The Federal Housing Administration (FHA) is bringing down loan limits on single-family mortgages next year, HUD announced.

According to Mortgagee Letter 13-43, FHA’s revised ceiling for single-family loan limits will come down to $625,000 from $729,750. The change marks the first full implementation of loan-limit calculations under the Housing and Economic Recovery Act of 2008; the lower limits were originally scheduled to be put into place at the start of 2009, but Congress delayed any action “due to continuing strains in credit markets” at the time, HUD said.

“As the housing market continues its recovery, it is important for FHA to evaluate the role we need to play,” said FHA Commissioner Carol Galante. “Implementing lower loan limits is an important and appropriate step as private capital returns to portions of the market and enables FHA to concentrate on those borrowers that are still underserved.”

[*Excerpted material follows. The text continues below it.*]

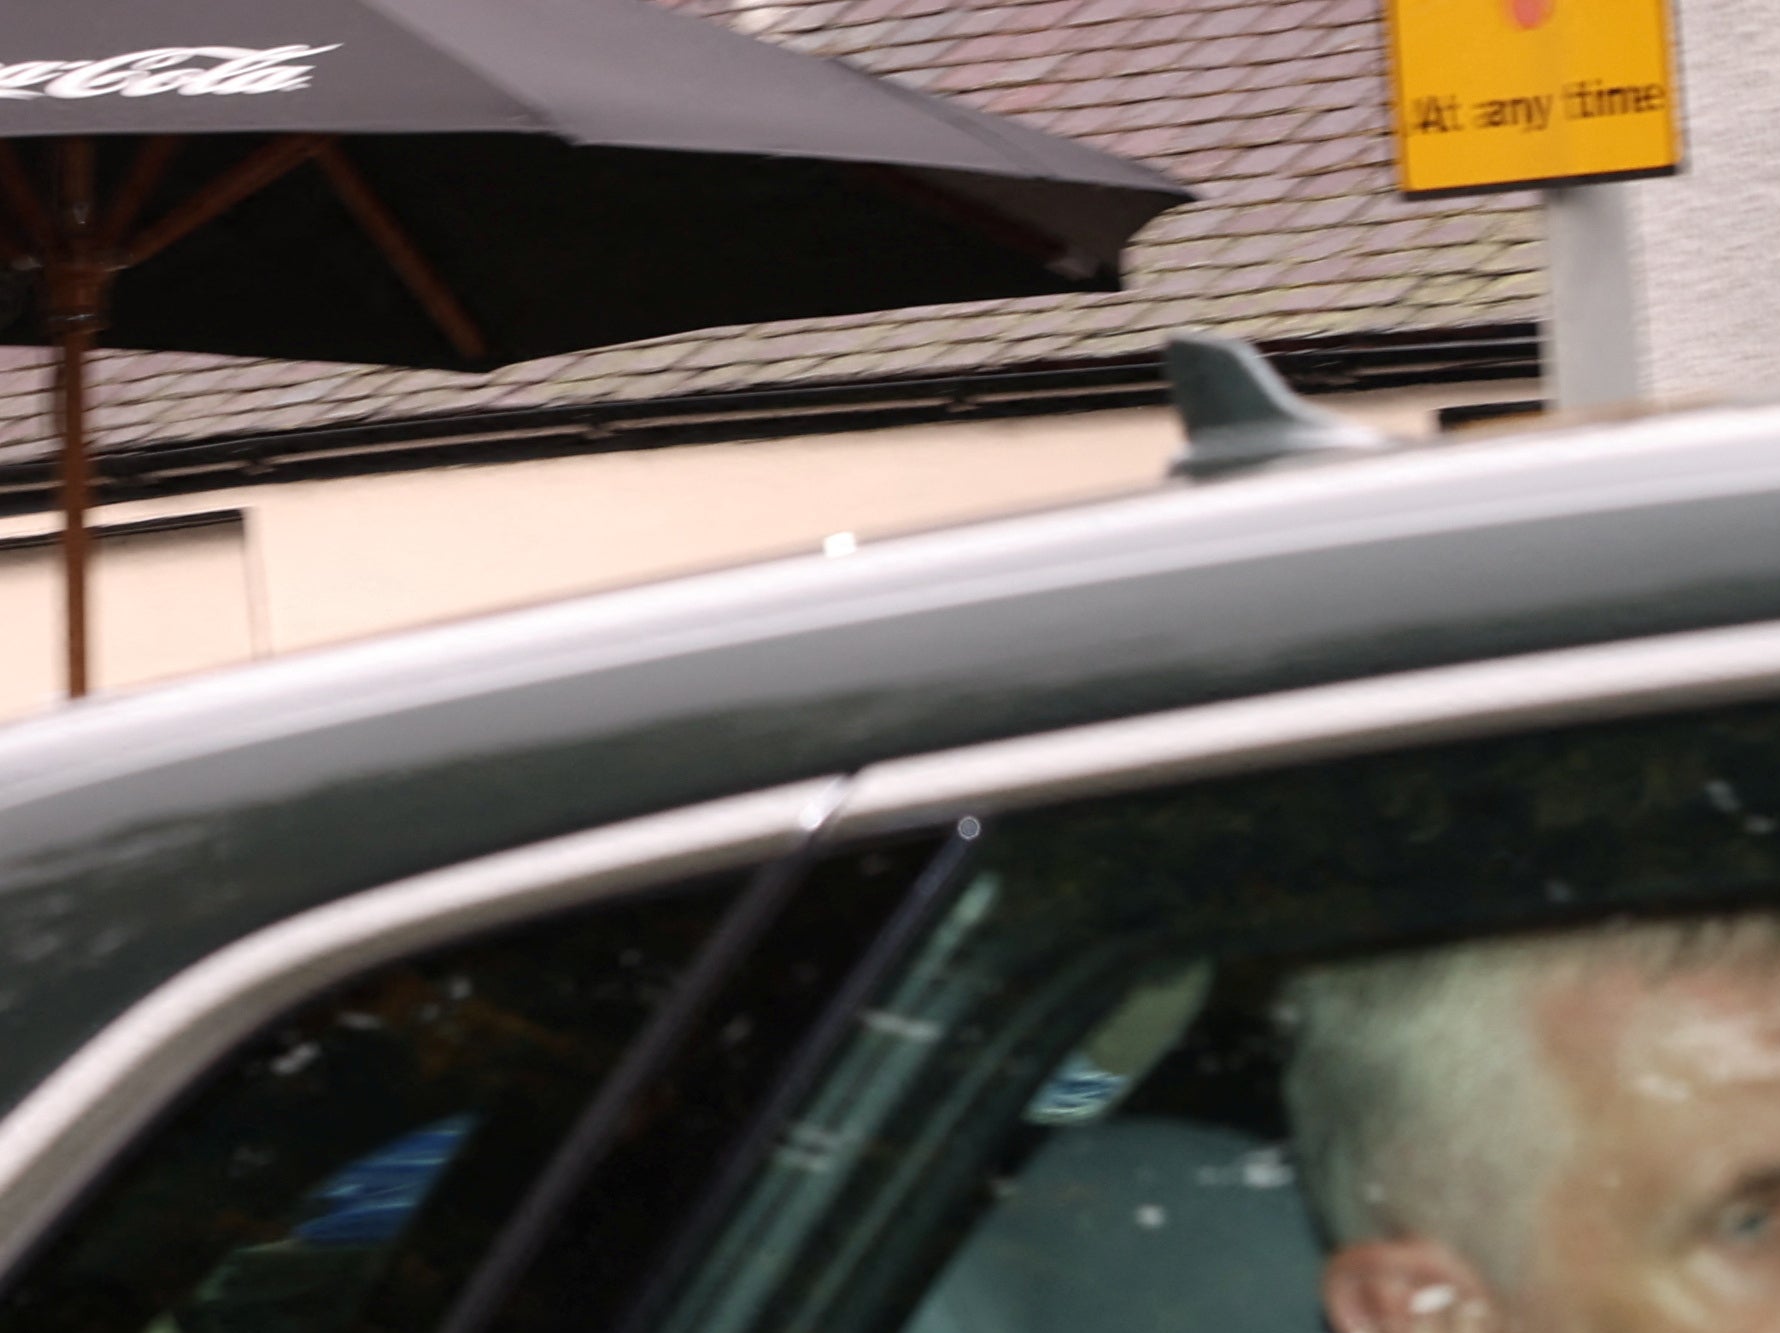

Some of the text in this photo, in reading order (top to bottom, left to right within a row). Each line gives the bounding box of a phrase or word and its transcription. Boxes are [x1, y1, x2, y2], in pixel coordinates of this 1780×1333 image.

[0, 42, 345, 100] a-Cola
[1411, 78, 1666, 134] At any time

As a result of the changing law, HUD estimates about 650 counties will have lower limits.

Meanwhile, the loan limit floor for low-cost housing areas will remain at $271,050. Also left untouched were loan limits for FHA-insured reverse mortgages, which will continue to have a maximum claim amount of $625,500.

As per usual, counties in Alaska, Hawaii, Guam, and the Virgin Islands will see higher limits to account for greater construction costs. The limit for a single-family loan in those areas will be $938,250.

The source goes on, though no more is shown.